* _Spatial localization data_:
============

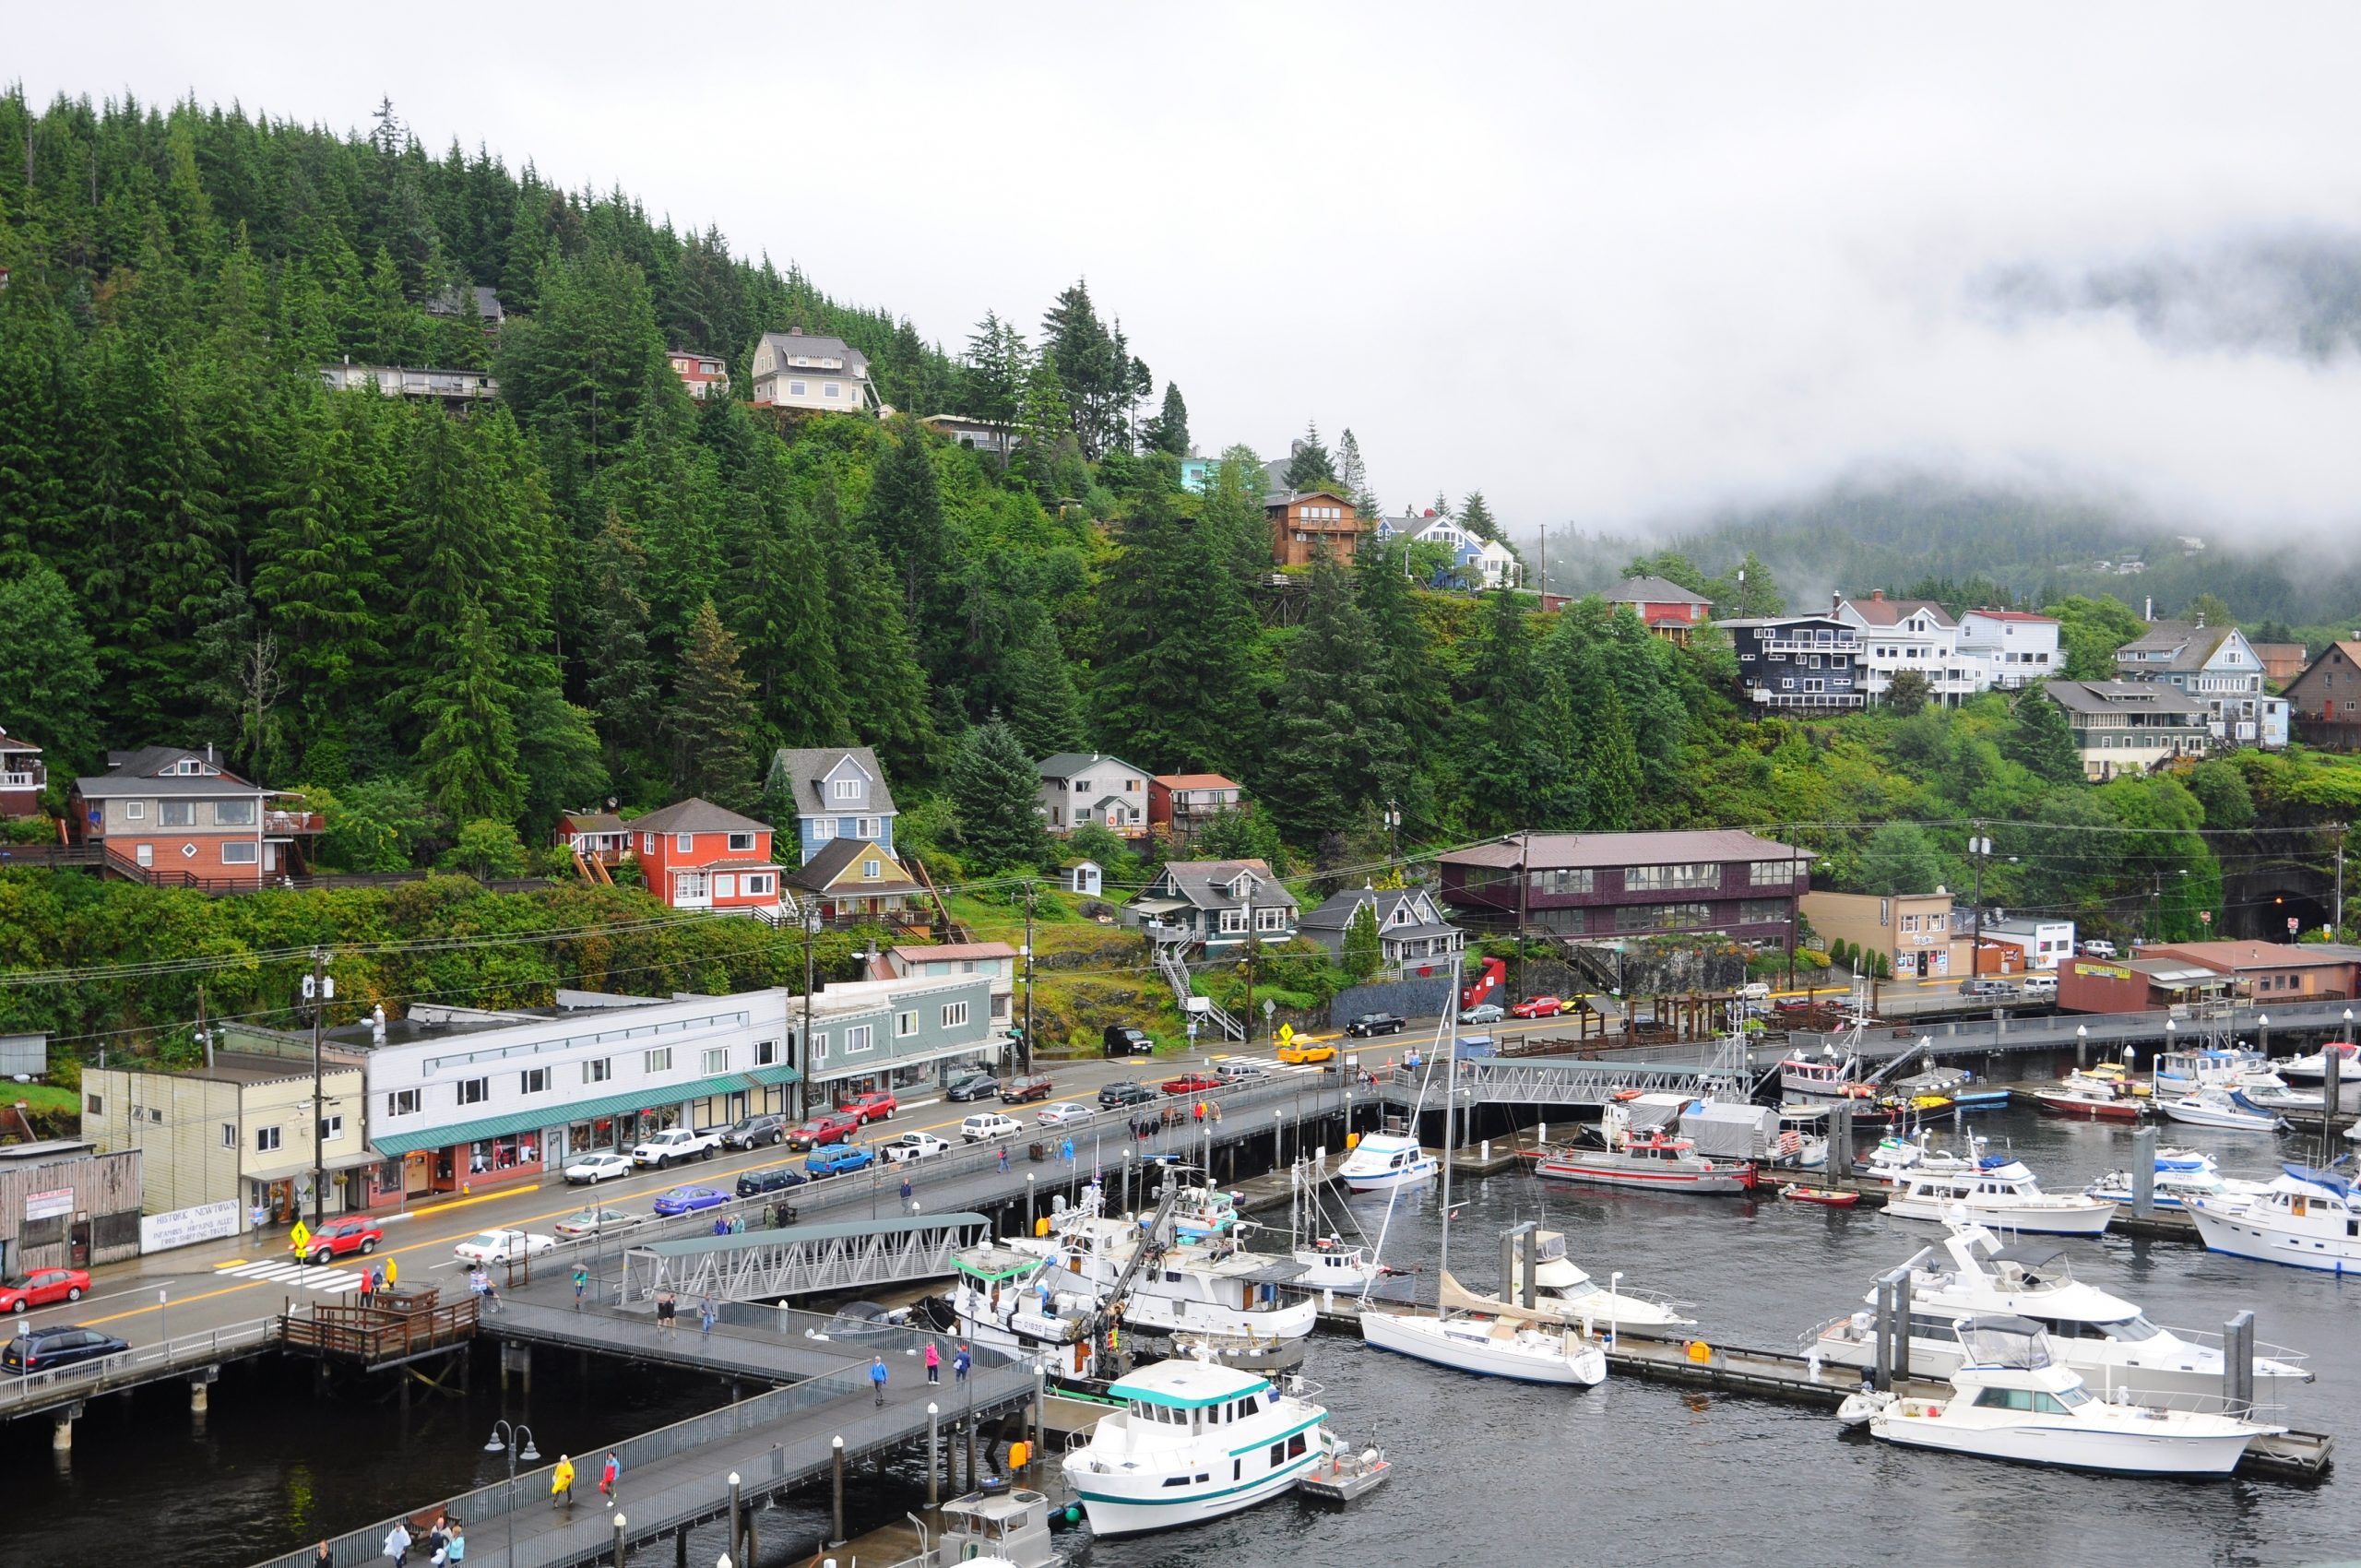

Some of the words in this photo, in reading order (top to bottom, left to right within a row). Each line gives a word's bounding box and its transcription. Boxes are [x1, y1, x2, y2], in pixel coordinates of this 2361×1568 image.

[2099, 967, 2130, 976] CHARTERS
[157, 1210, 188, 1225] HISTORIC
[195, 1202, 237, 1217] NEWTOWN
[154, 1228, 183, 1240] INFAMOUS
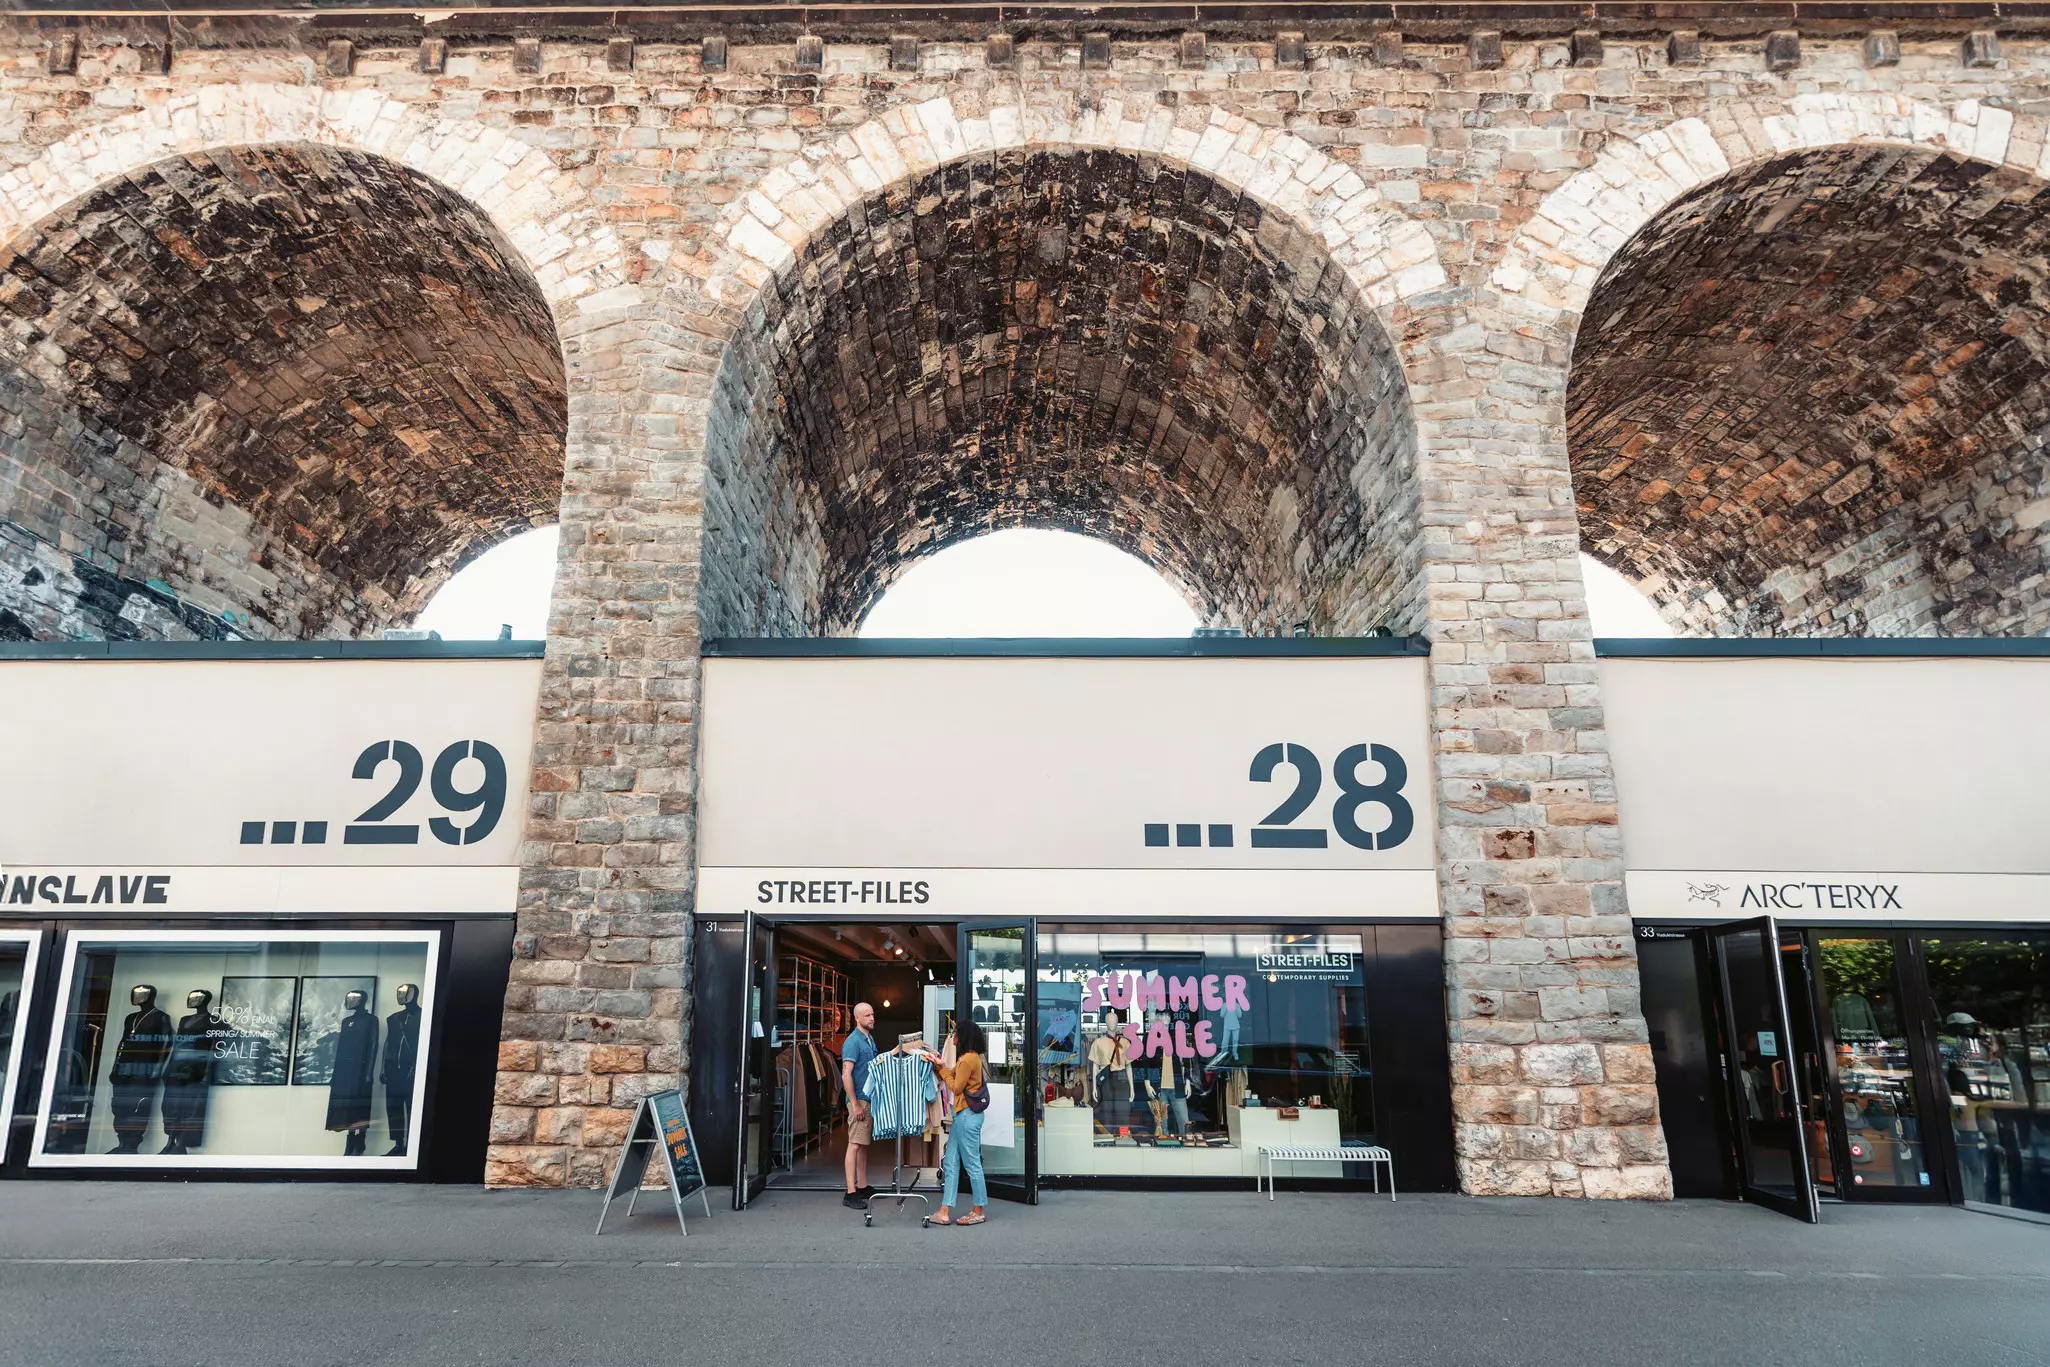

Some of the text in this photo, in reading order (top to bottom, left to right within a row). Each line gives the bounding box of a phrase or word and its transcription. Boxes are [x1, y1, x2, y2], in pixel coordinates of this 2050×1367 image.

[757, 880, 930, 904] STREET-FILES
[1739, 882, 1903, 909] ARC'TERYX
[706, 921, 717, 932] 31
[1640, 926, 1655, 938] 33
[1261, 954, 1348, 967] STREET-FILES
[1082, 974, 1250, 1012] SUMMER
[209, 1006, 275, 1025] 50% FINAL
[213, 1040, 261, 1059] SALE
[1123, 1020, 1217, 1060] SALE
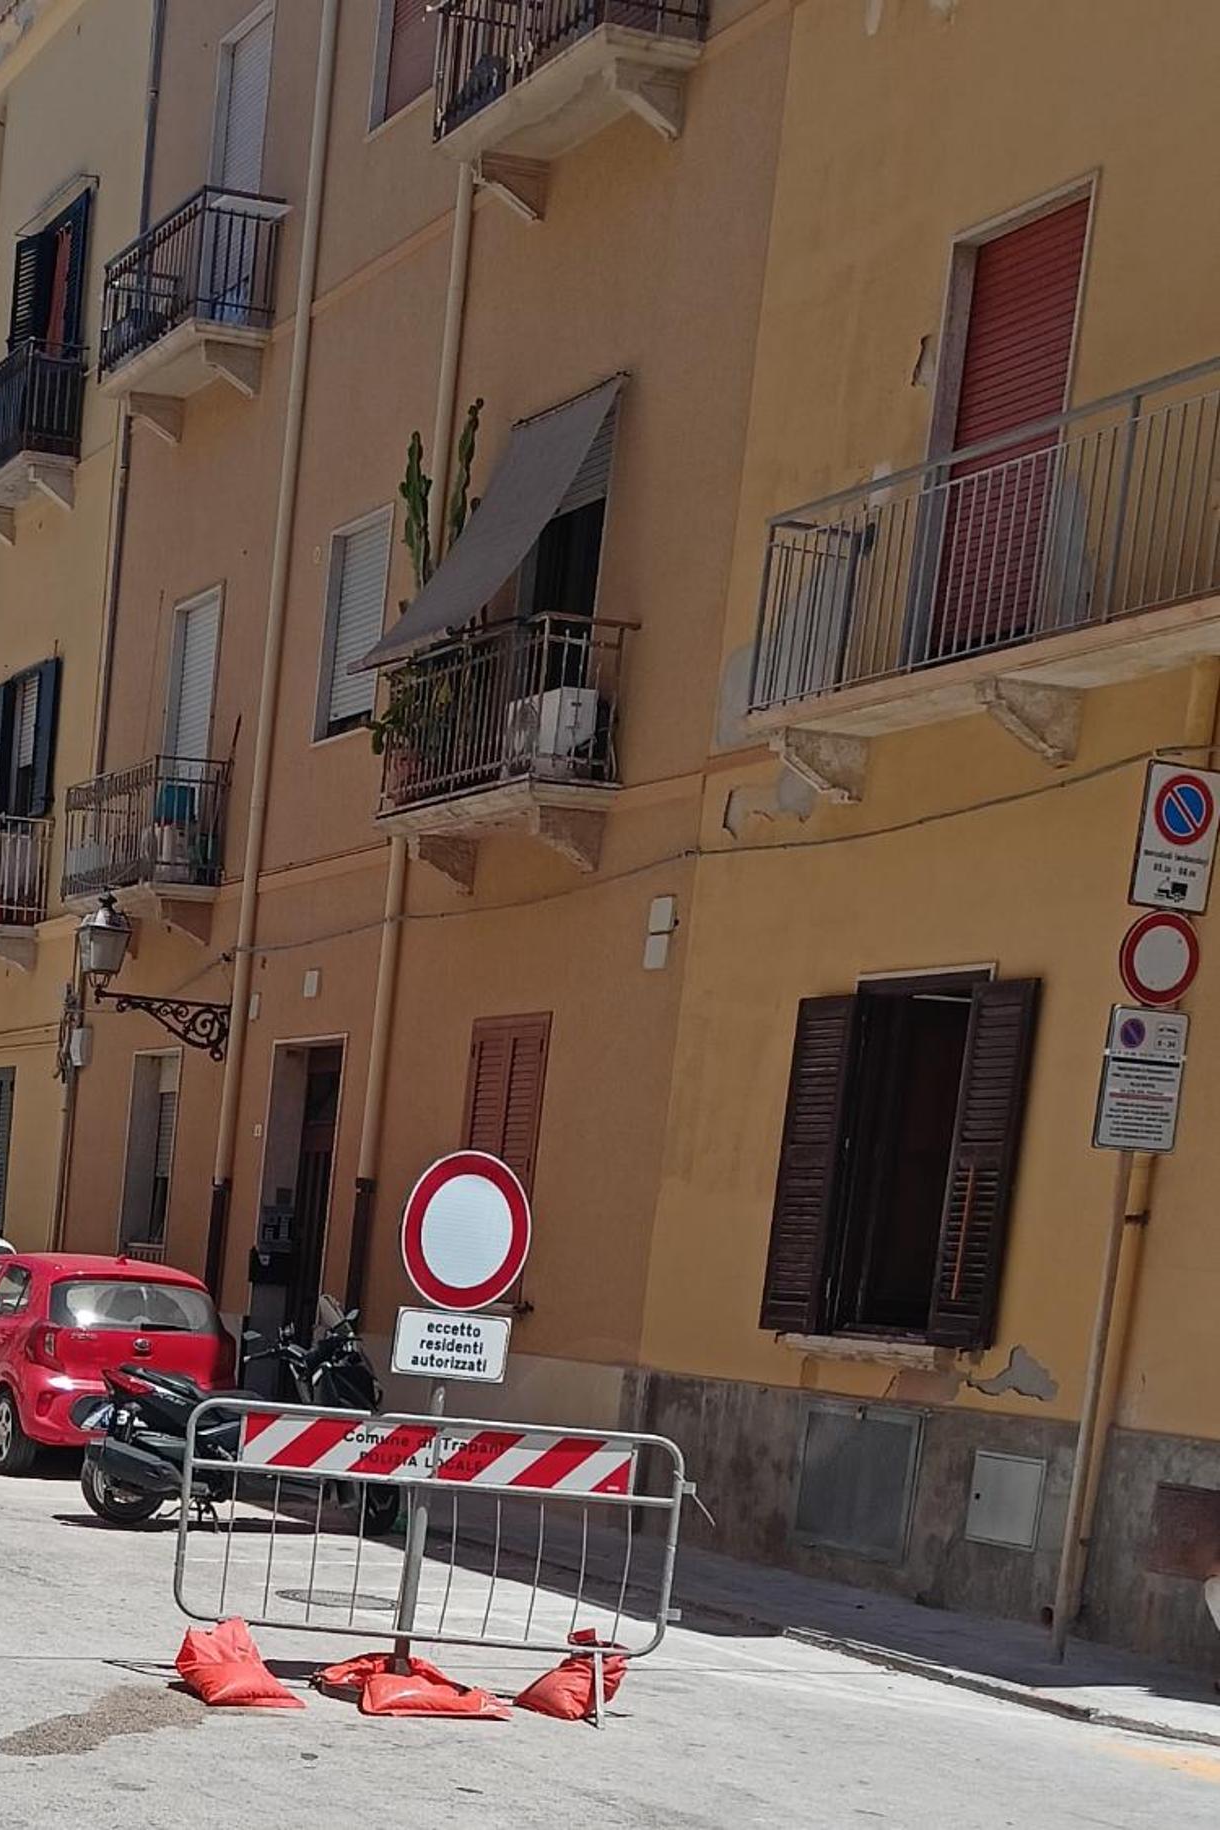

============

* _Problem_:
Although the records contain pictures, your copy should hold only the text, reproduced exactly.

* _Solution to this problem_:
Some of the words in this photo, in reading order (top to bottom, left to right within a row). Each line gives a word's bounding box and its transcription. Boxes are [x1, y1, x2, y2], in pixel coordinates of this 2361×1568 image.

[2099, 967, 2130, 976] CHARTERS
[157, 1210, 188, 1225] HISTORIC
[195, 1202, 237, 1217] NEWTOWN
[154, 1228, 183, 1240] INFAMOUS

Some of the text in this photo, in reading order (top to bottom, left to right within a row). Each line gives the bounding box of a phrase or word and its transcription. Boxes are [x1, y1, x2, y2], in pixel coordinates of this 2050×1367 image.

[757, 880, 930, 904] STREET-FILES
[1739, 882, 1903, 909] ARC'TERYX
[706, 921, 717, 932] 31
[1640, 926, 1655, 938] 33
[1261, 954, 1348, 967] STREET-FILES
[1082, 974, 1250, 1012] SUMMER
[209, 1006, 275, 1025] 50% FINAL
[213, 1040, 261, 1059] SALE
[1123, 1020, 1217, 1060] SALE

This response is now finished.